# [TASK ITEM]
The result should be a full, exact repeat of the entries, free of pictures.

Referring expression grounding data

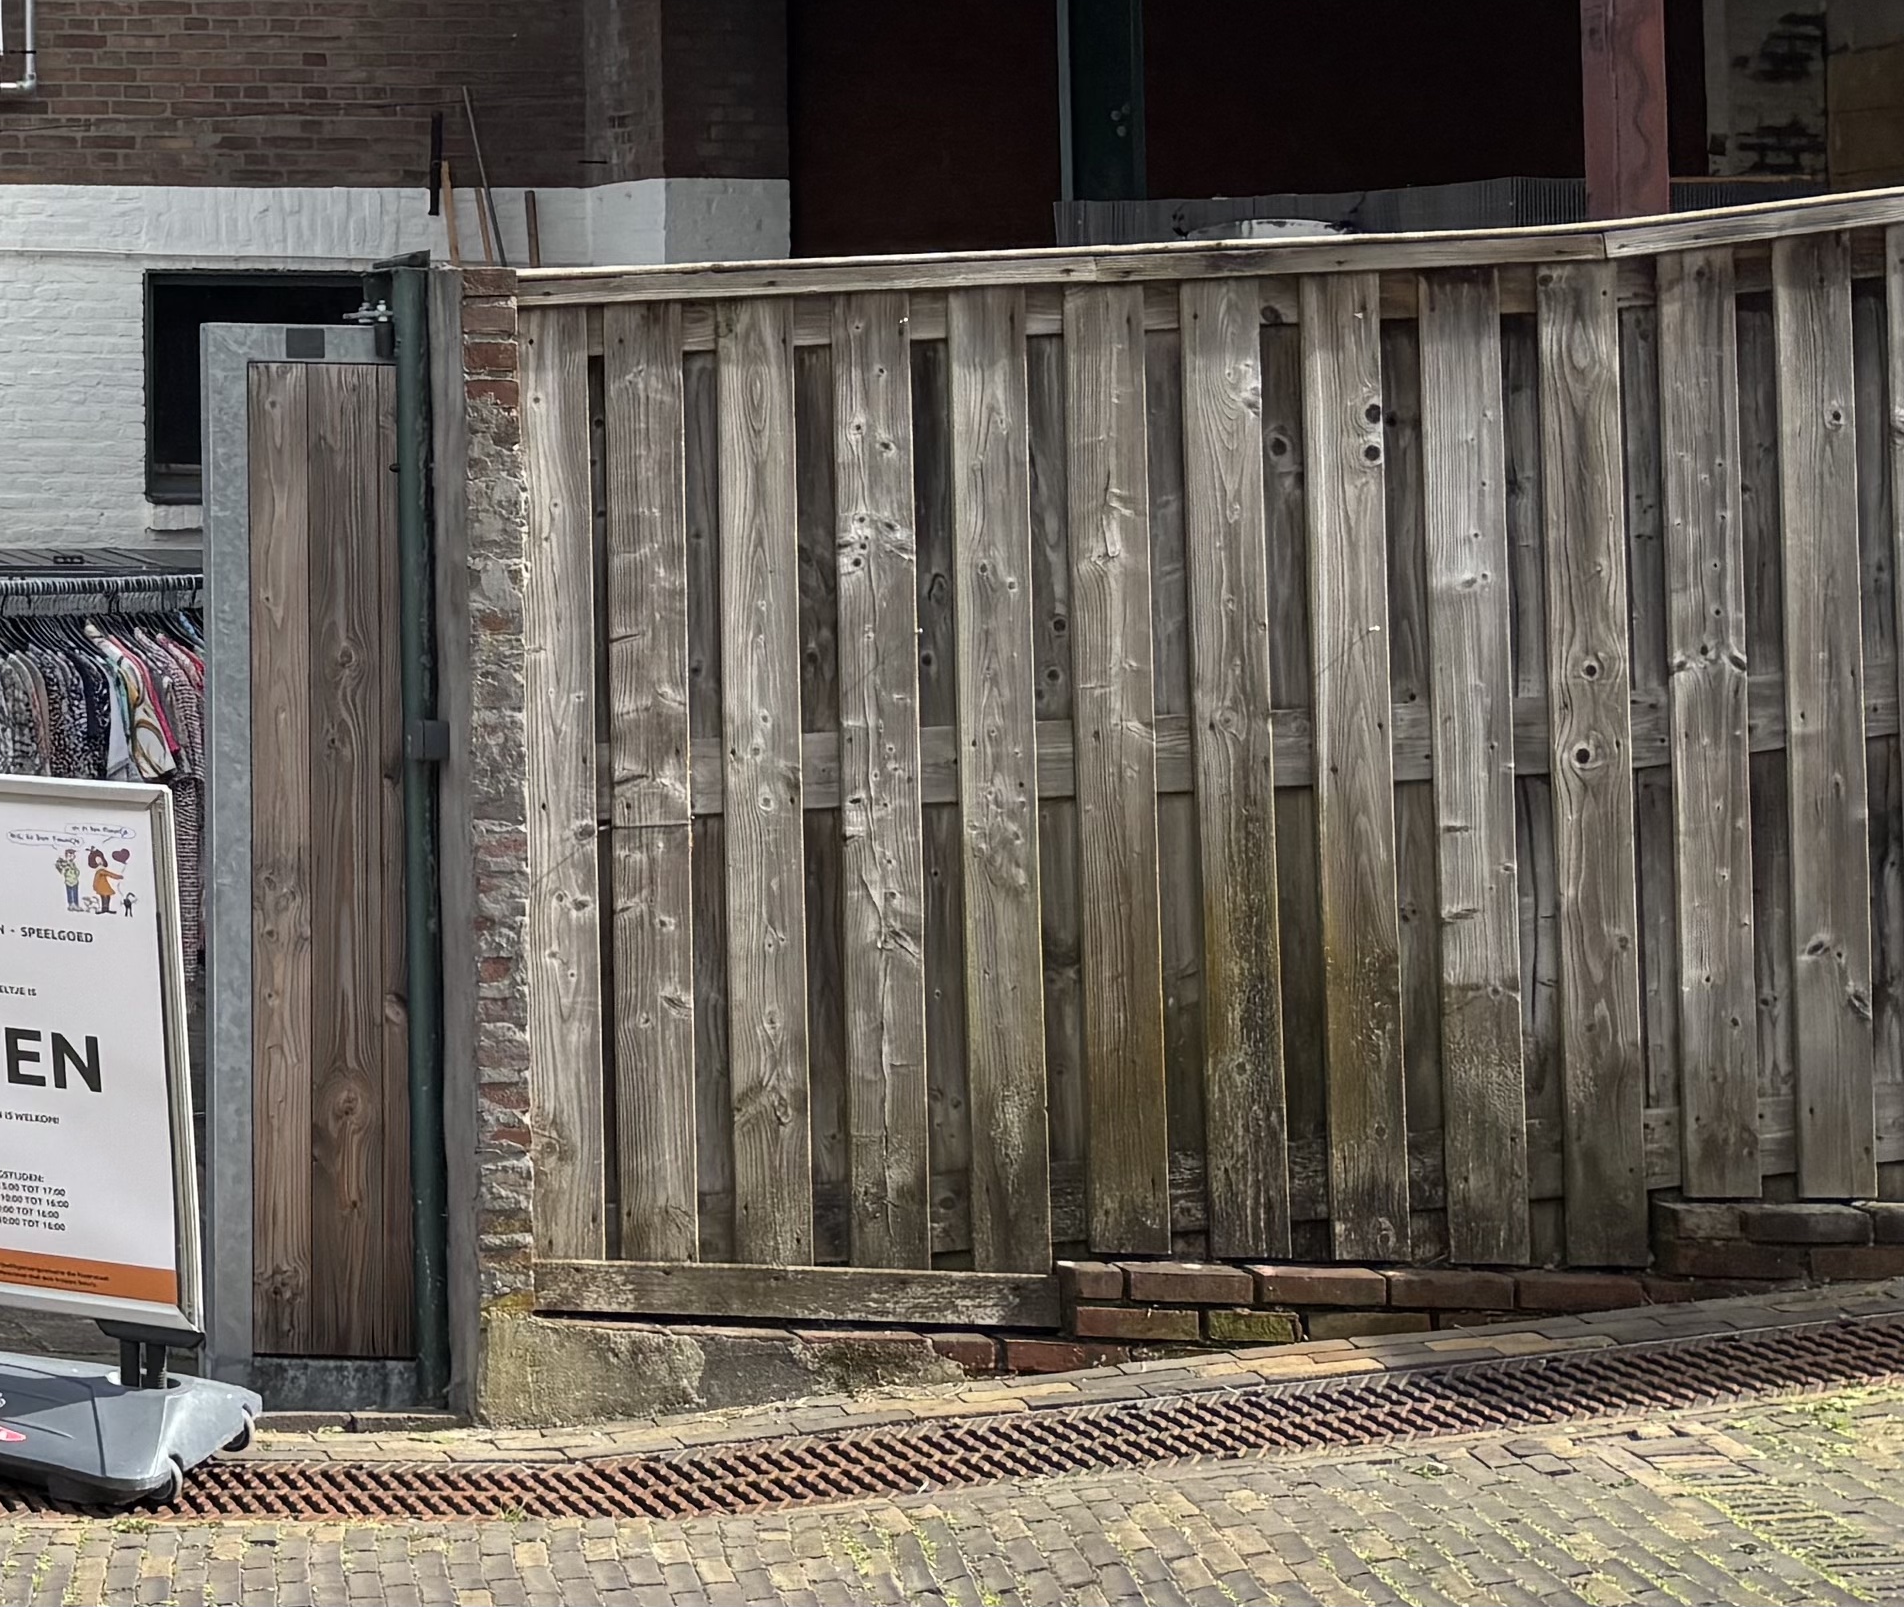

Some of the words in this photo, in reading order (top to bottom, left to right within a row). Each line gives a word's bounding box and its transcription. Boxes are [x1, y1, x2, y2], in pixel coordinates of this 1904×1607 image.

[20, 926, 94, 944] SPEELGOED
[21, 1184, 39, 1194] TOT
[25, 1196, 42, 1206] TOT
[16, 1206, 33, 1216] TOT
[22, 1219, 40, 1229] TOT

# [SOLUTION]
Some of the words in this photo, in reading order (top to bottom, left to right within a row). Each line gives a word's bounding box and its transcription. Boxes are [x1, y1, x2, y2], in pixel coordinates of this 1904×1607 image.

[20, 926, 94, 944] SPEELGOED
[21, 1184, 39, 1194] TOT
[25, 1196, 42, 1206] TOT
[16, 1206, 33, 1216] TOT
[22, 1219, 40, 1229] TOT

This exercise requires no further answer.